Over the past two years or so, we’ve seen two web design trends catching hold. I believe these trends are more than just fads, and that aside from just looking good, they are beneficial for SEO and other online marketing efforts. They are responsive design, and flat design.
What Is Responsive Design?
Simply put, a website is responsive if it responds or adjusts to fit desktop, tablet, and mobile screens. You can quickly test out whether a site is responsive by moving your mouse cursor to the right border of your browser, clicking and holding it, and then shrinking your browser width-wise. Go ahead, try it with this site right now. Or below is a responsive site we built for The Storage Center. Regardless of the device someone uses to access the site, it will adjust gracefully to be the right size for the screen.
Responsive design is rapidly replacing the previously popular “mobile website” that many companies had. Mobile sites redirected the user to a separate url, often something along the lines of “m.whatever.com” or “whatever.com/mobile/” and often didn’t provide the same functionality as the full website, sometimes causing frustration to users. And sometimes you would get the mobile site when you didn’t want it, if you were on a large tablet, for example, and were more interested in navigating the full website. In addition, these mobile websites also required the website owner to update two separate websites whenever static content was modified. With responsive design updates are made once and flow seamlessly to all versions of the website because there is only one website.
How Does Responsive Design Help My Online Marketing?
First, responsive design provides a better experience for visitors to your website. Whether they’re on a desktop, laptop, tablet, or smartphone they’ll get a website that fits perfectly on their screen. The site provides complete functionality, rather than a heavily stripped down version. Second, because you only have one website to maintain, you’re more likely to maintain it better. More up to date content means better content, and happier visitors who will use your website more thoroughly rather than bouncing off and trying the next one. As pointed out in this Forbes article, chances are a significant portion of your traffic is already accessing your site on mobile devices. If you’re not catering to them with a responsive website, you’re losing customers you might otherwise gain. Now, let’s talk about flat design.
What Is Flat Design?
First, some history. When the Internet started out, everyone was on dial-up modems. Of necessity, websites were simple and contained little in the way of rich content like video or large graphics, or else they would have taken too long to download. As broadband became the norm, websites became fancier. Web designers embraced “skeumorphism,” or making elements on a website look like things they aren’t. A button on a website that looks like a real, three dimensional object, is an example of skeumorphism because it’s not a real button. A website is flat, of course, not three dimensional. Flat design embraces this inherent flatness and eliminates what is unnecessary. Gone are gradients, shadows, and the appearance of depth. While flat design will likely evolve as time goes on, it is already here, and here to stay in one shape or another.
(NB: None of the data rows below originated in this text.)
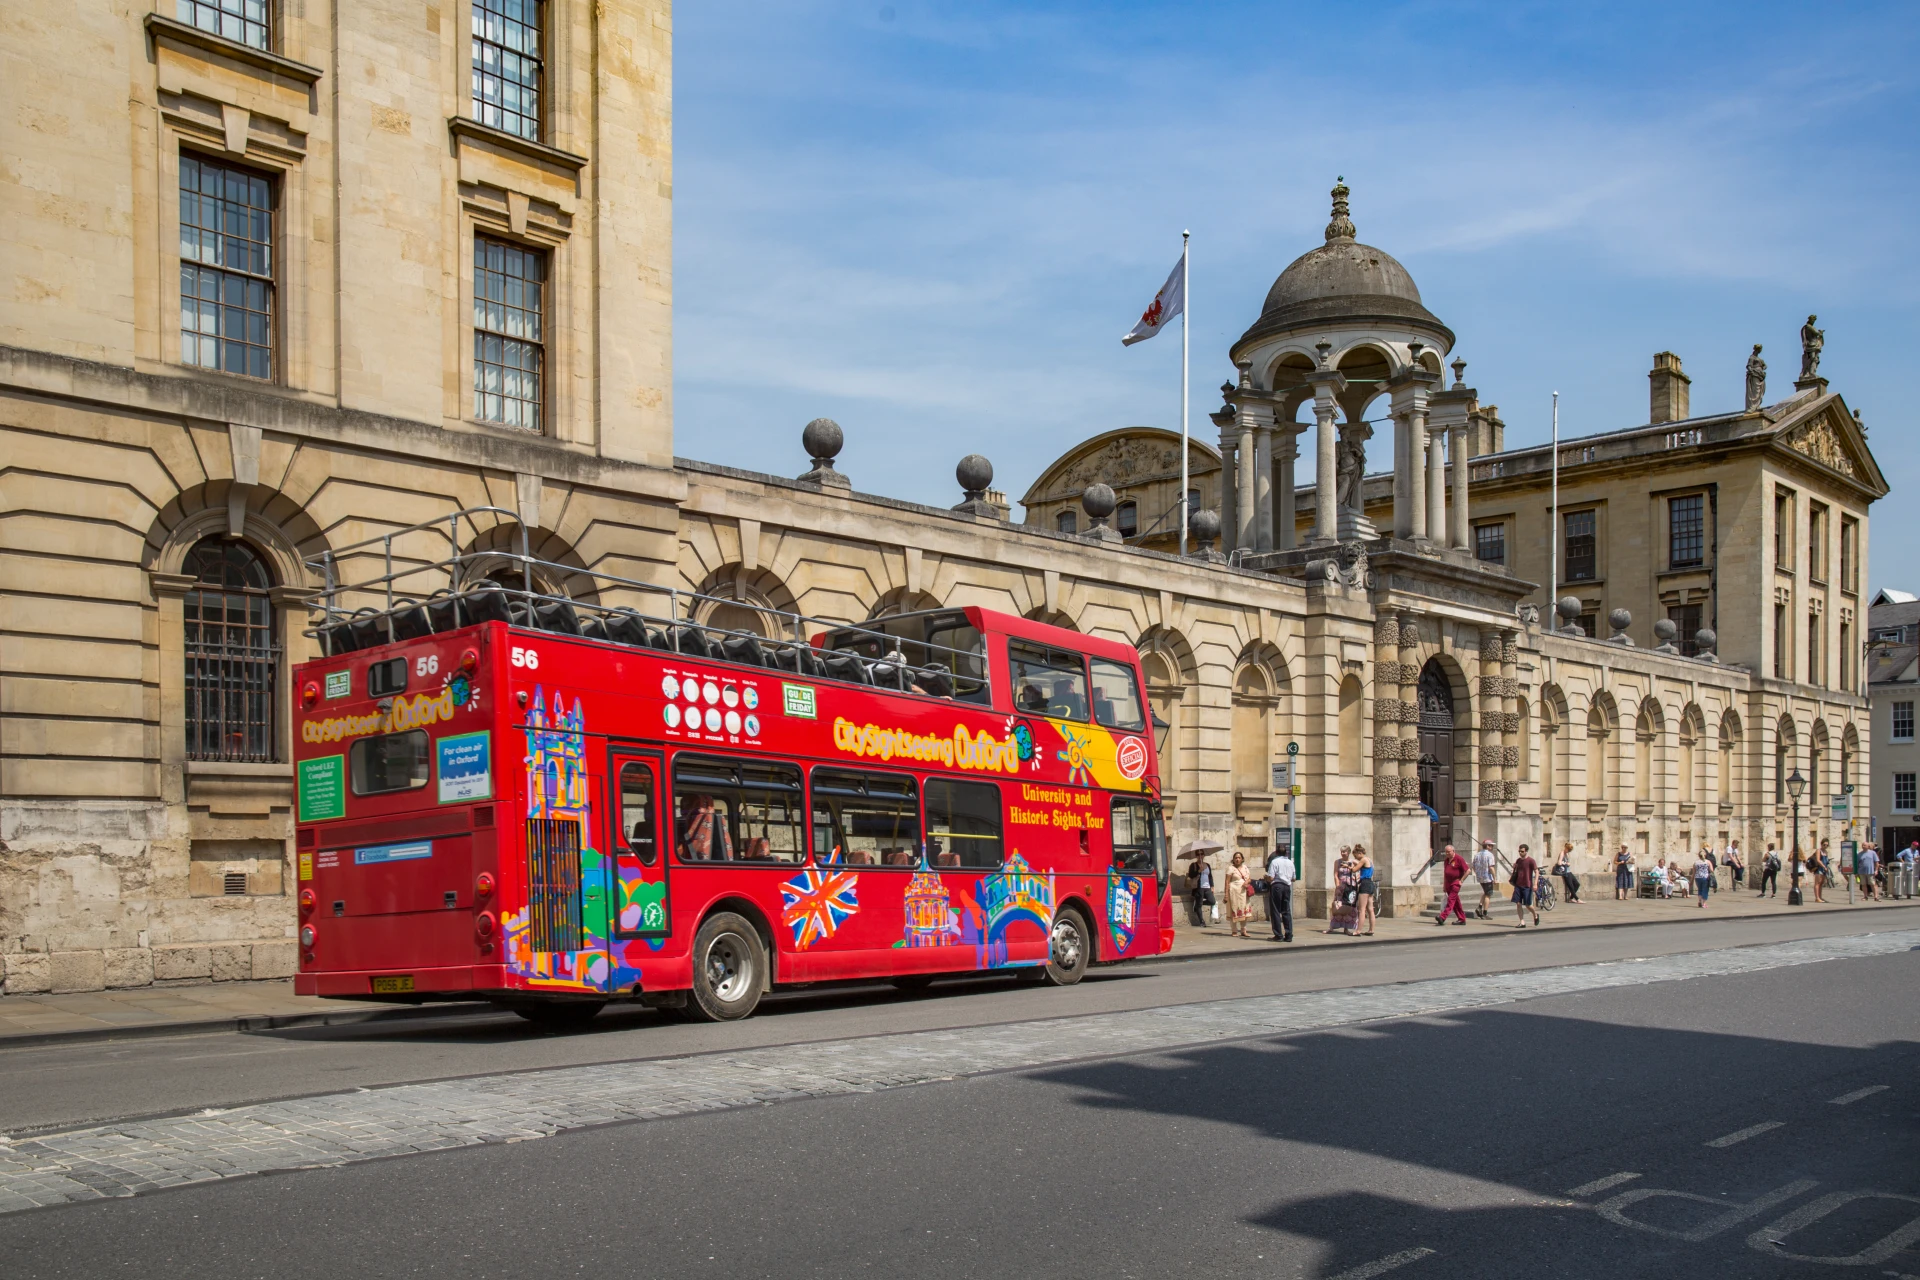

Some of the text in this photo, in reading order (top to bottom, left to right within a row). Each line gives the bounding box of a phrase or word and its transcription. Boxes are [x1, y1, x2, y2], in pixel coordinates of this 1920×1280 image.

[416, 655, 439, 677] 56
[511, 646, 540, 669] 56
[392, 685, 454, 731] Oxford
[788, 702, 812, 713] FRIDAY
[444, 742, 483, 756] For clean air
[833, 716, 1019, 773] CitySightseeing Oxford
[1287, 744, 1298, 753] K3
[456, 754, 479, 764] Oxford
[1021, 783, 1092, 807] University and
[1010, 806, 1104, 830] Historic Sights Tour
The website shown above is, in fact, not flat (it was designed about two years ago, and the responsive aspect was a later add-on). By contrast, to the right is a website we’re building right now for Value Store It, a self storage company based in Florida (click image to view full size). Although the site still has some depth due to the photos, these are not skeumorphic because they do not attempt to look like something they aren’t. Everything else is simple, uses bold colors, and is as flat as can be, other than with the exception of certain icons which are already set in stone due to their use in offline marketing.
How Does Flat Design Help My Online Marketing?
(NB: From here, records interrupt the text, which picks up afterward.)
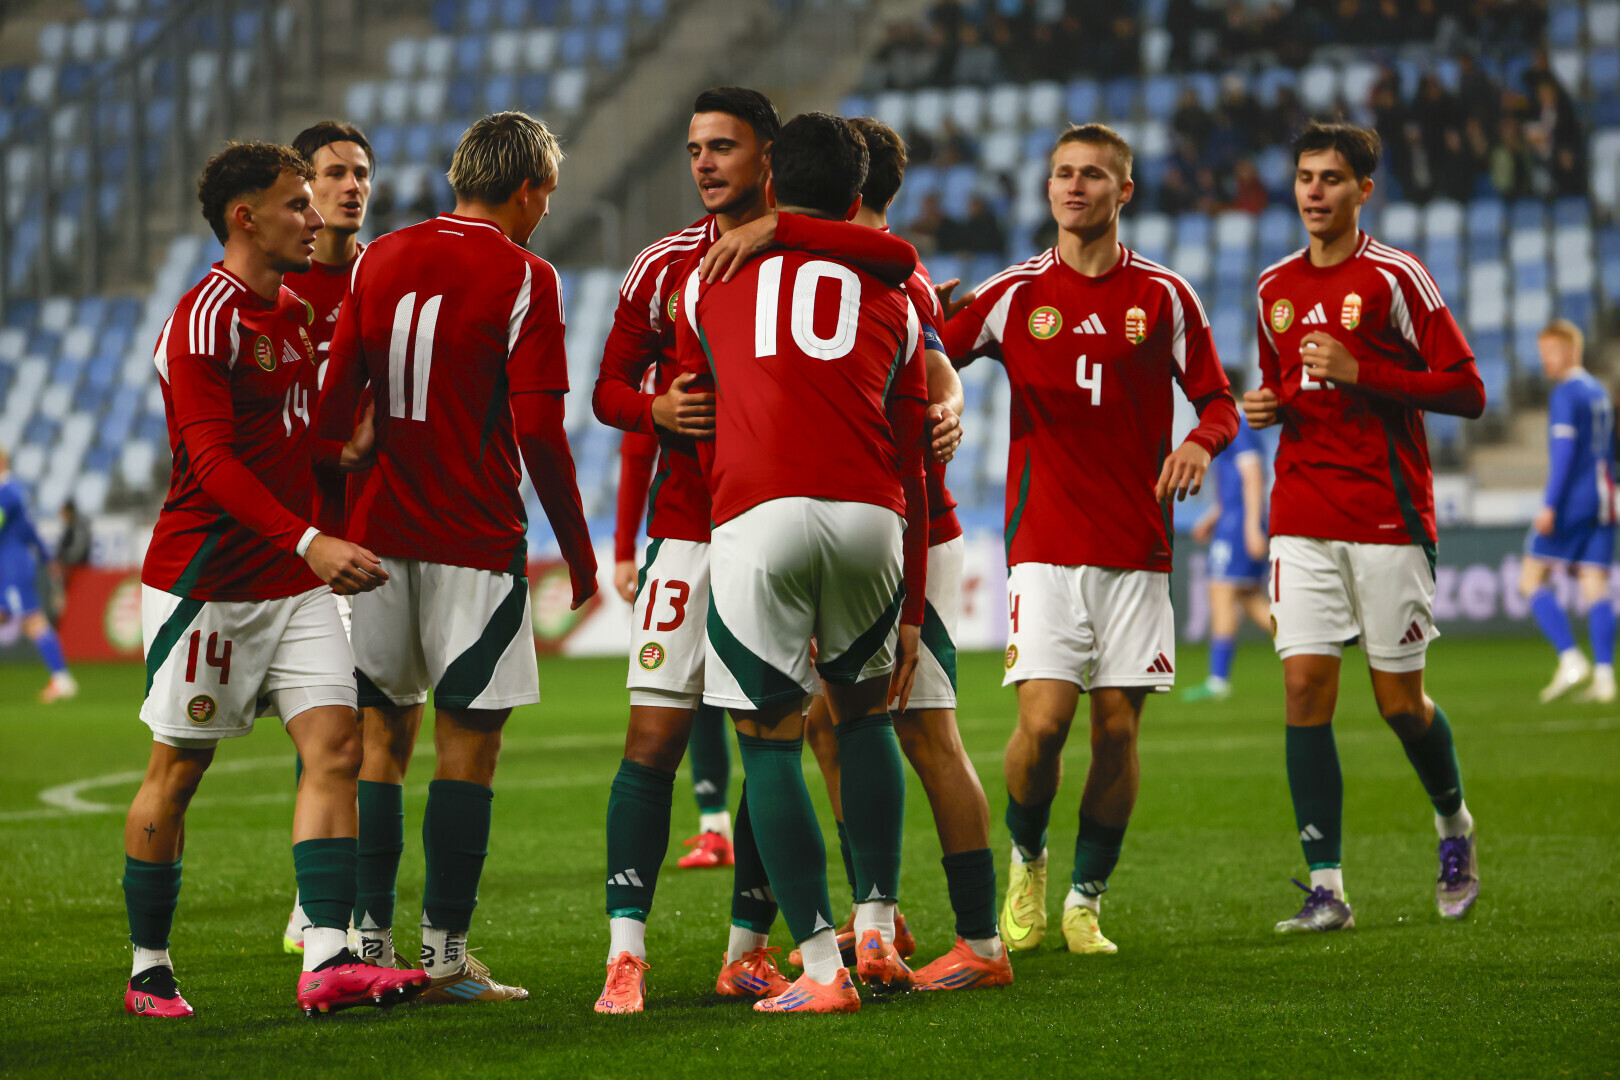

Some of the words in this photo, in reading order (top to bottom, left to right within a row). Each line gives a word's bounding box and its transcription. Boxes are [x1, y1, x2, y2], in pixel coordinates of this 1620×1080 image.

[754, 255, 862, 361] 10
[389, 291, 443, 422] 11
[1076, 354, 1103, 406] 4
[283, 382, 310, 437] 14
[643, 578, 690, 632] 13
[185, 629, 232, 685] 14
Some of the benefits of flat design come merely from being up with the trends. What is perceived as cutting edge tends to have more credibility, because it communicates that one is up to date, alive, and with it. A website that looks like it was designed four or five years ago sends the message that perhaps the company it represents isn’t in business any more, or if they are, perhaps they aren’t up on the latest trends in their own industry, either. This might seem a bit silly, since one can hardly expect an account or dentist to be constantly staying abreast of the latest trends in web design and online marketing, but nevertheless the unconscious perception is there, and rather than fight it, you can gain an advantage by embracing it.
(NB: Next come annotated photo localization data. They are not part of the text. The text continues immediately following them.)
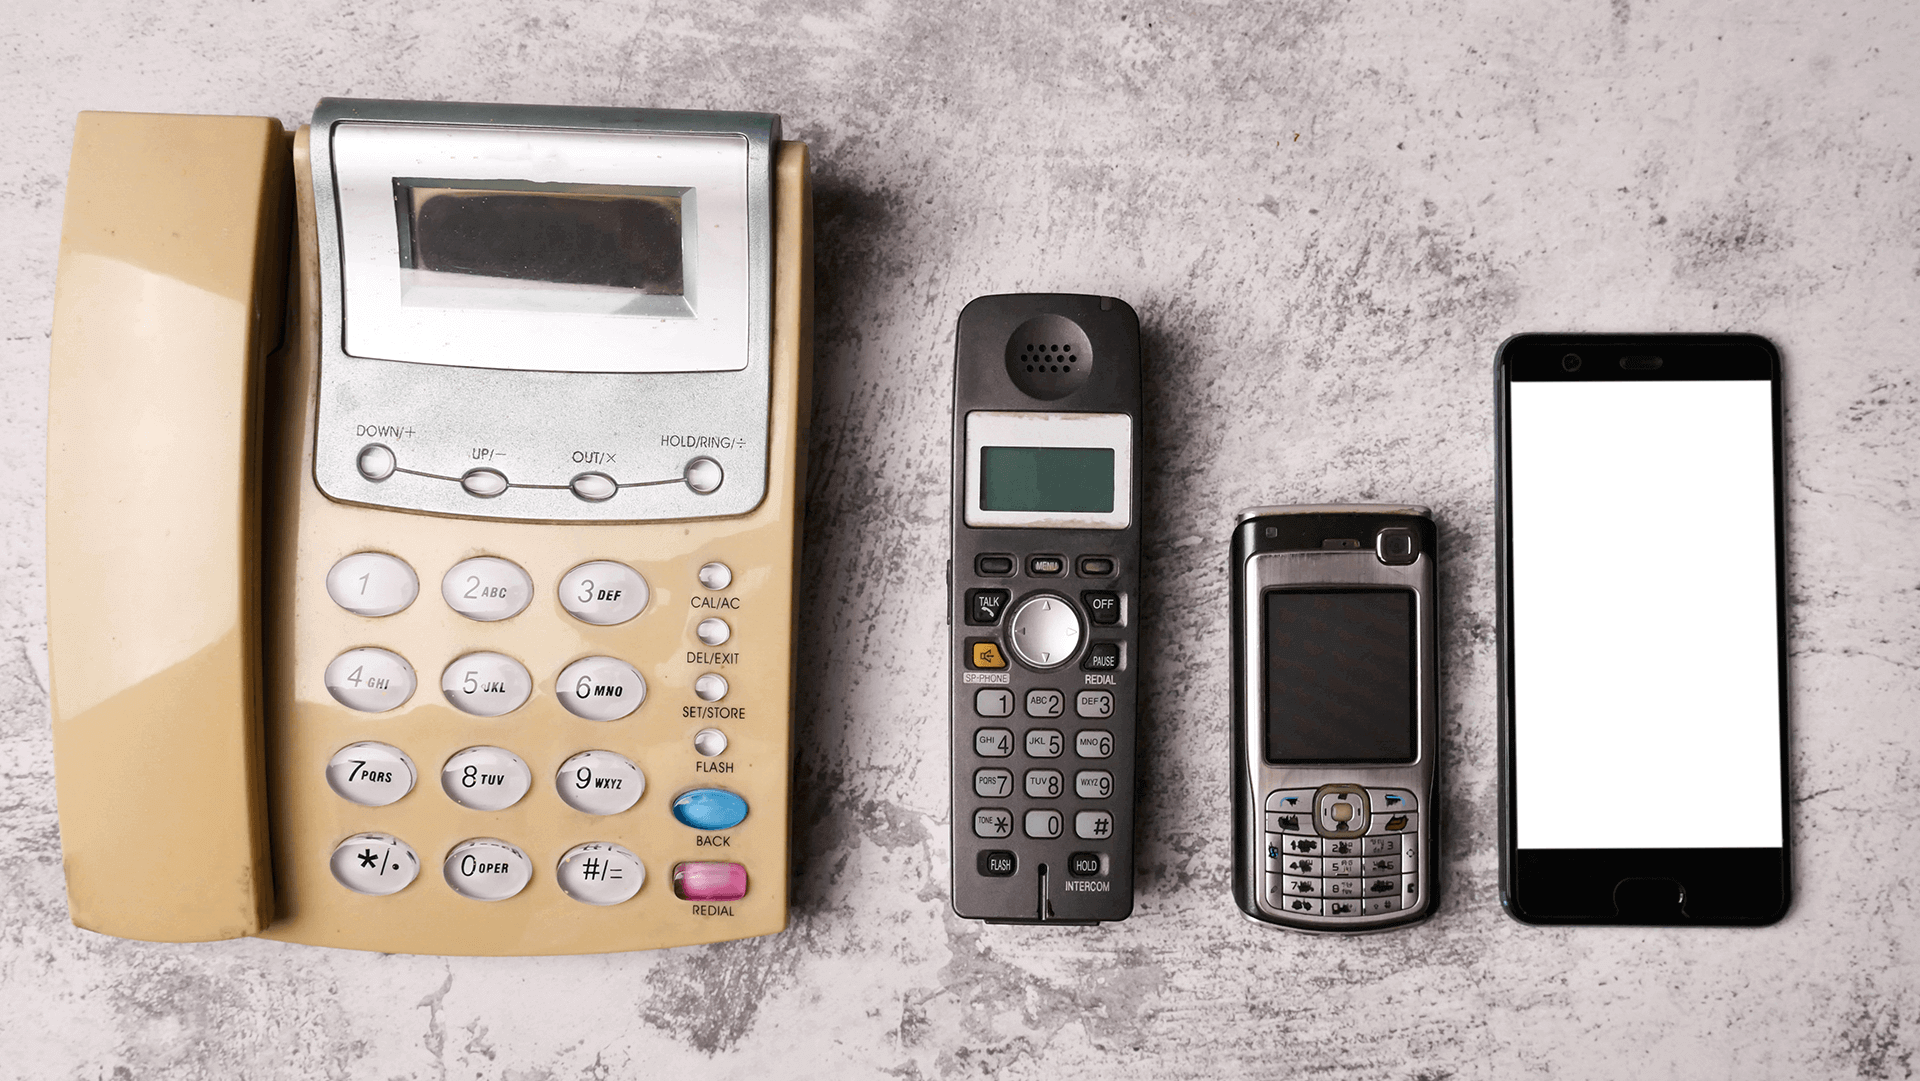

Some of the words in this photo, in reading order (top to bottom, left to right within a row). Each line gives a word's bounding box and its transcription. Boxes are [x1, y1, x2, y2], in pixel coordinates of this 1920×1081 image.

[358, 572, 371, 596] 1
[463, 575, 481, 600] 2
[481, 586, 508, 600] ABC
[577, 578, 596, 604] 3
[597, 588, 623, 602] DEF
[690, 595, 741, 610] CAL/AC
[979, 596, 1000, 608] TALK
[1092, 598, 1115, 610] OFF
[686, 651, 740, 665] DEL/EXIT
[1092, 655, 1116, 668] PAUSE
[347, 664, 364, 689] 4
[367, 676, 391, 691] GHI
[462, 670, 479, 695] 5
[482, 681, 507, 695] JKL
[575, 675, 593, 700] 6
[593, 685, 624, 698] MNO
[965, 673, 1009, 684] SP-PHONE
[1085, 673, 1117, 686] REDIAL
[682, 705, 746, 720] SET/STORE
[999, 694, 1008, 715] 1
[1030, 696, 1048, 706] ABC
[1048, 694, 1060, 715] 2
[1081, 696, 1099, 706] DEF
[1099, 695, 1111, 716] 3
[979, 735, 995, 745] GHI
[997, 734, 1010, 755] 4
[1028, 736, 1047, 746] JKL
[1049, 734, 1061, 755] 5
[1079, 737, 1099, 747] MNO
[1099, 736, 1111, 757] 6
[347, 759, 367, 783] 7
[361, 769, 393, 784] PQRS
[461, 764, 478, 789] 8
[481, 773, 506, 787] TUV
[696, 760, 734, 774] FLASH
[575, 766, 593, 790] 9
[594, 777, 624, 791] WXYZ
[978, 776, 998, 786] PQRS
[997, 775, 1009, 796] 7
[1029, 776, 1048, 786] TUV
[1048, 775, 1060, 796] 8
[1080, 777, 1099, 787] WXYZ
[1099, 776, 1111, 797] 9
[978, 815, 994, 825] TONE
[1048, 815, 1060, 836] 0
[1093, 817, 1110, 836] #
[696, 835, 731, 848] BACK
[1387, 841, 1394, 851] 3
[461, 854, 477, 878] 0
[478, 862, 510, 876] OPER
[990, 858, 1012, 871] FLASH
[1076, 859, 1098, 872] HOLD
[1332, 863, 1339, 872] 5
[1065, 880, 1111, 893] INTERCOM
[1332, 883, 1340, 893] 8
[692, 904, 735, 917] REDIAL
In addition, flat design focuses on what really matters–content. Users can do without the embellishments, and flat design points them to what they’re looking for by getting rid of clutter, making text easier to find, and easier to read. As with responsive design, flat design improves the level of engagement with visitors to your website. The more time visitors spend on your website, the better your bounce rate, and the better your SEO efforts as a result. This is definitely one of those cases where optimizing your website for humans results in optimizing your website for search engines at the same time.
By combining responsive design and flat design, your website not only stays up with the trends, but it’s more user-friendly, leading to visitors spending more time on your website, higher engagement, more leads, more sales, better SEO–what’s not to love?